Беда, несчастье жило в этом доме, где пришлось ему заночевать и, возможно, придется прожить несколько дней, если действительно Петру Григорьевичу с ним будет повеселей. Не убегать же отсюда. Но не спалось. Своих бед было предостаточно. По сути, он начинал с нуля, прикатил в родной город в сорок лет без двух месяцев, не имея работы, да и права на какую-либо путную работу, прикатил с судимостью, а еще вот со званием - бывший. Бывший директор, бывший член партии, бывший муж, бывший отец. Стоп! А почему бывший отец? Сын забыл его, наверное, но он ему отец, он Сереже отец, родная кровь, сын был похож на него, памятно похож - себя разглядывая в зеркале, Павел умел вспомнить сына, мальчугана своего, так они были похожи. Стирал как бы ластиком по зеркалу свои годы, свою прожитость, пережитость, беды свои, врезавшиеся в лицо, и проглядывал тогда в нем сын, мальчик, - такие же глаза, синие из глубины, такой же крепкий нос, пробор этот с завитком русоватых, коротко стриженных жестких волос, губы одинаковые, нет, тут ластик ничего поделать не мог, не стирались отцовские губы, не умягчались. Но такой же была шея у мальчика, крепкой, стройной, морщины на отцовской шее ластик стирал легко. В отца у паренька были плечи, сухие, сильные. Занимается ли он спортом? Отдала ли его хоть в какую-нибудь секцию мать? В двенадцать лет можно и гимнастикой, и плаваньем увлечься. Он в двенадцать лет чем только не занимался. Любил бегать на короткие дистанции, получались у него прыжки в высоту. А Сережа, подрос ли? Как его мать кормит? Занимается им? Да что там, новый муж у бабы! Как он с мальчиком? Петр Григорьевич отозвался о нем хуже некуда. Может, все же добрый человек? Не спалось Павлу Шорохову.

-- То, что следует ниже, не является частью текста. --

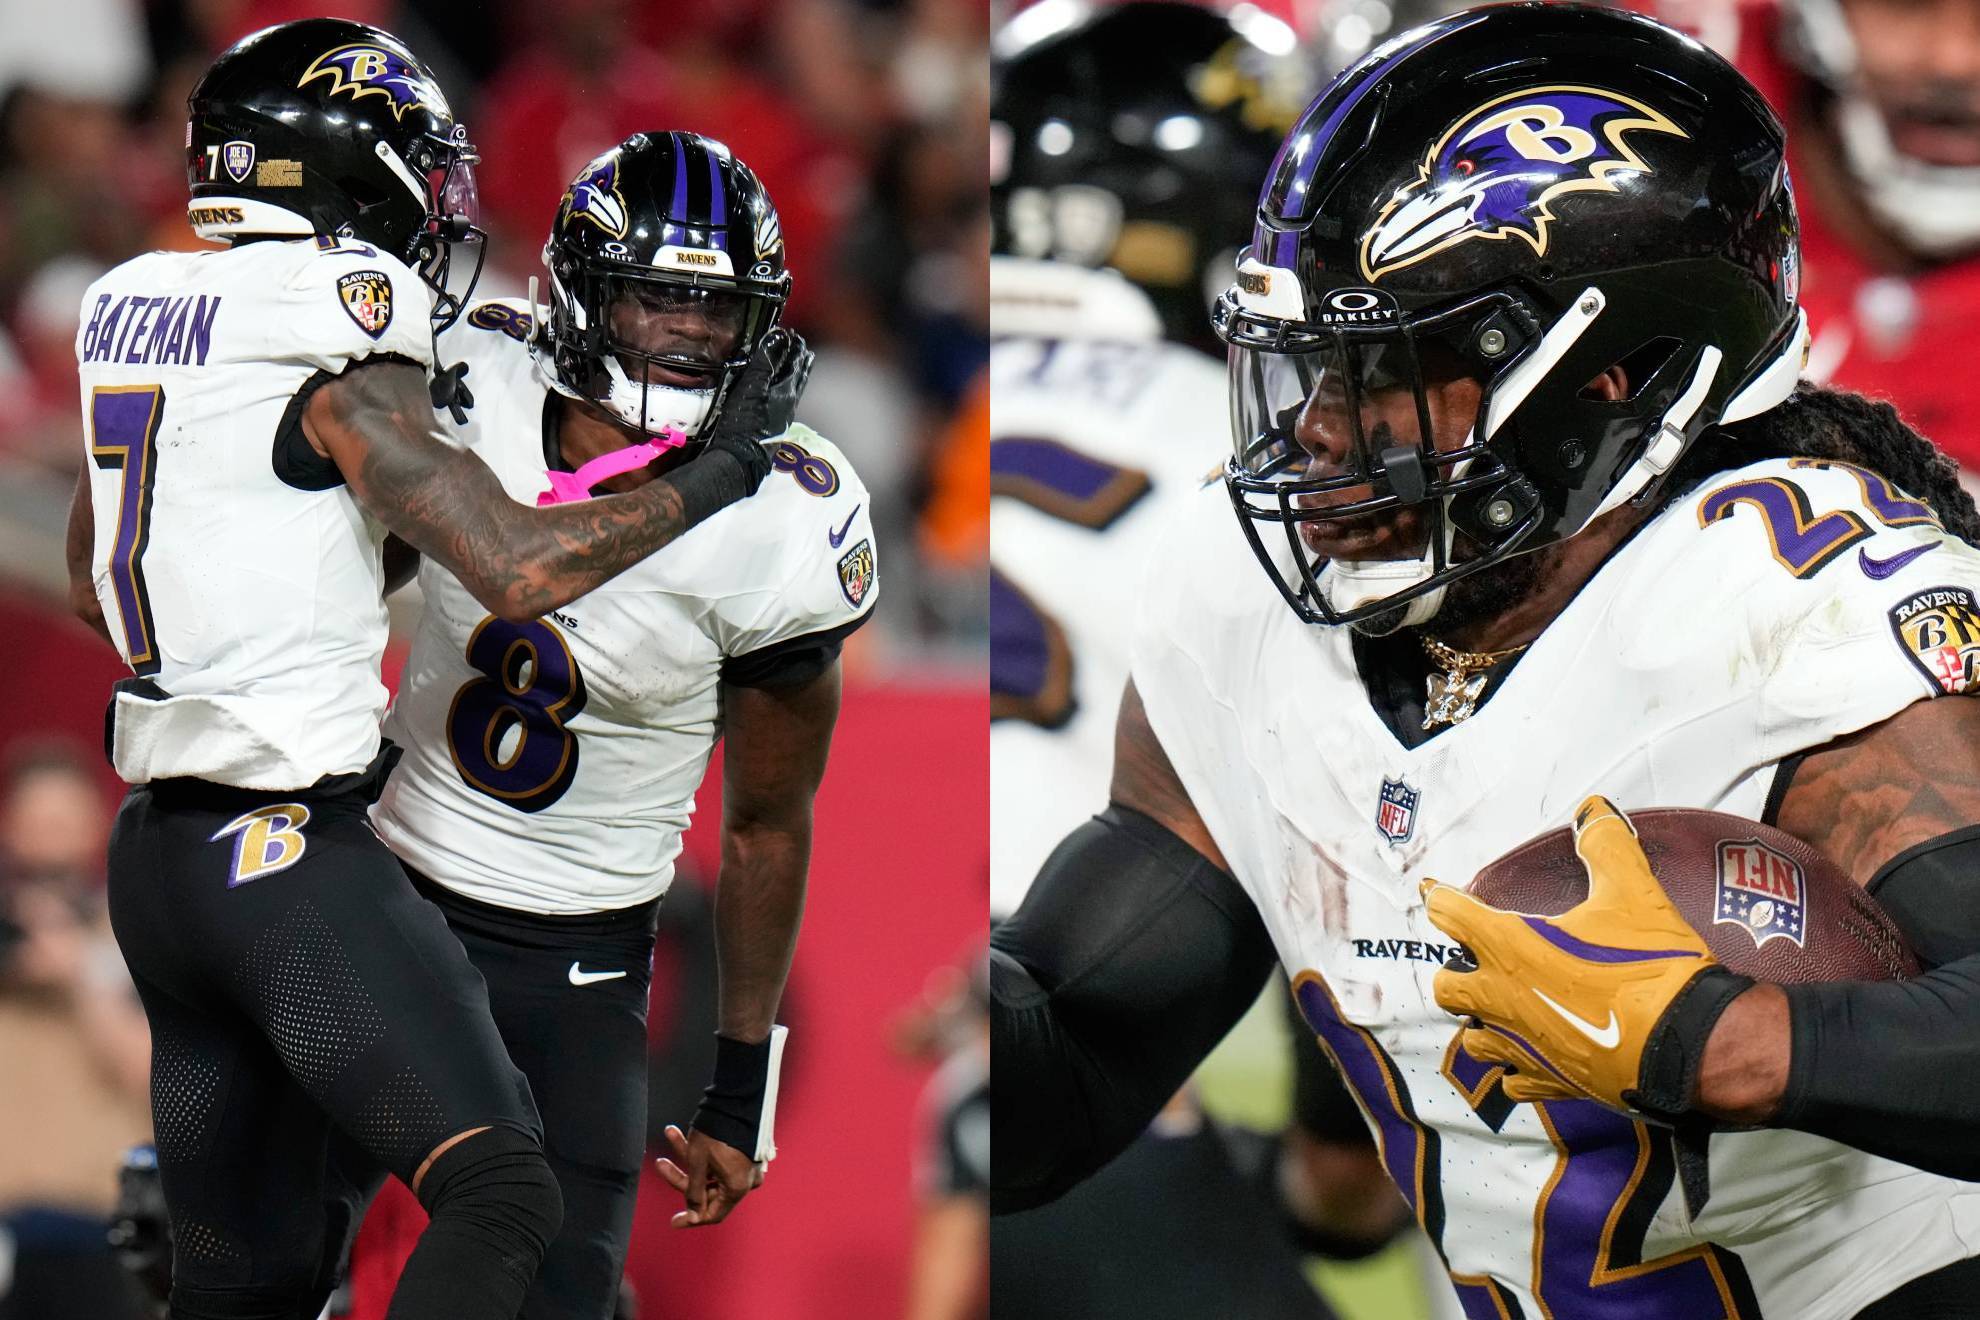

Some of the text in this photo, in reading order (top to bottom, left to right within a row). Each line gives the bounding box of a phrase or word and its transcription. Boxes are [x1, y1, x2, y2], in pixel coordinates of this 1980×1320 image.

[206, 145, 220, 180] 7
[229, 146, 240, 159] JOE
[676, 252, 717, 266] RAVENS
[340, 272, 386, 287] RAVENS
[83, 293, 222, 366] BATEMAN
[1322, 309, 1396, 323] OAKLEY
[771, 441, 840, 498] 8
[90, 384, 166, 677] 7
[1895, 591, 1969, 622] RAVENS
[445, 614, 588, 813] 8
[1379, 802, 1407, 834] NFL
[1726, 847, 1798, 900] NFL
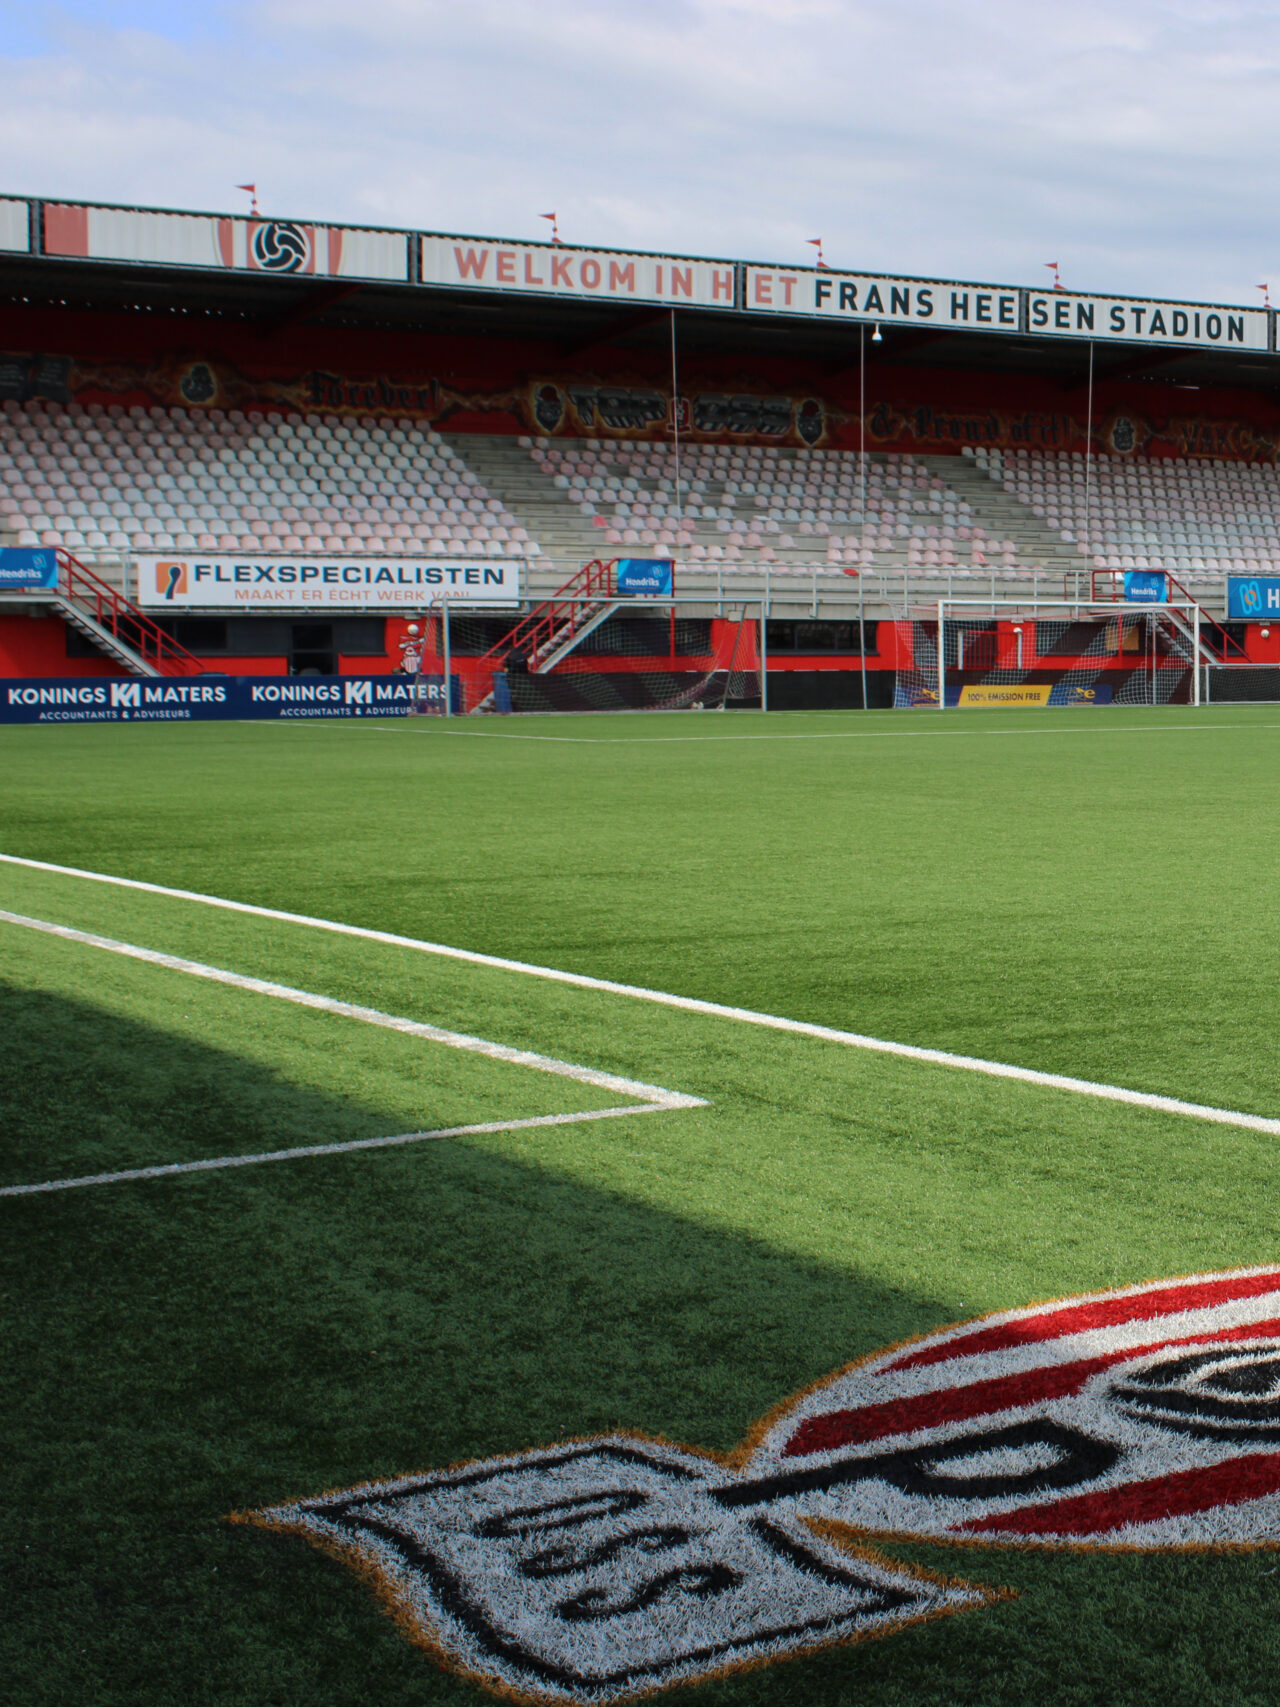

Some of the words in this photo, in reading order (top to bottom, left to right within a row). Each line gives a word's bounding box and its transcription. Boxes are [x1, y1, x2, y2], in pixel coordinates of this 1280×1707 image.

[454, 246, 635, 292] WELKOM
[656, 264, 692, 297] IN
[814, 278, 934, 318] FRANS
[1109, 305, 1244, 342] STADION
[193, 565, 504, 585] FLEXSPECIALISTEN
[625, 577, 660, 587] Hendriks
[234, 589, 297, 601] MAAKT
[301, 590, 323, 601] ER
[377, 590, 426, 601] WERK
[1131, 587, 1158, 596] Hendriks
[8, 687, 107, 705] KONINGS
[145, 686, 227, 703] MATERS
[251, 685, 341, 702] KONINGS
[376, 684, 448, 700] MATERS
[988, 692, 1024, 701] EMISSION
[1026, 692, 1041, 701] FREE
[39, 710, 118, 720] ACCOUNTANTS
[121, 710, 129, 719] &
[133, 709, 191, 719] ADVISEURS
[280, 707, 351, 717] ACCOUNTANTS
[355, 708, 362, 716] &
[473, 1487, 745, 1621] OSS

Лена, дежурившая у больного по очереди с Тамарой Ивановной, на рассвете поскреблась к Павлу, принесла чай, рюмку коньяку.
- Слышу, не спите. Выпейте это. Чем нервы взбудоражили, тем и надо гасить.
Еще не рассвело даже, серым было окно. В дверях стояла тоненькая женщина в белом халате, держа в протянутых руках стакан и рюмку. Лица было не видно. Только белая одежда и эти вот дары забвения в протянутых руках.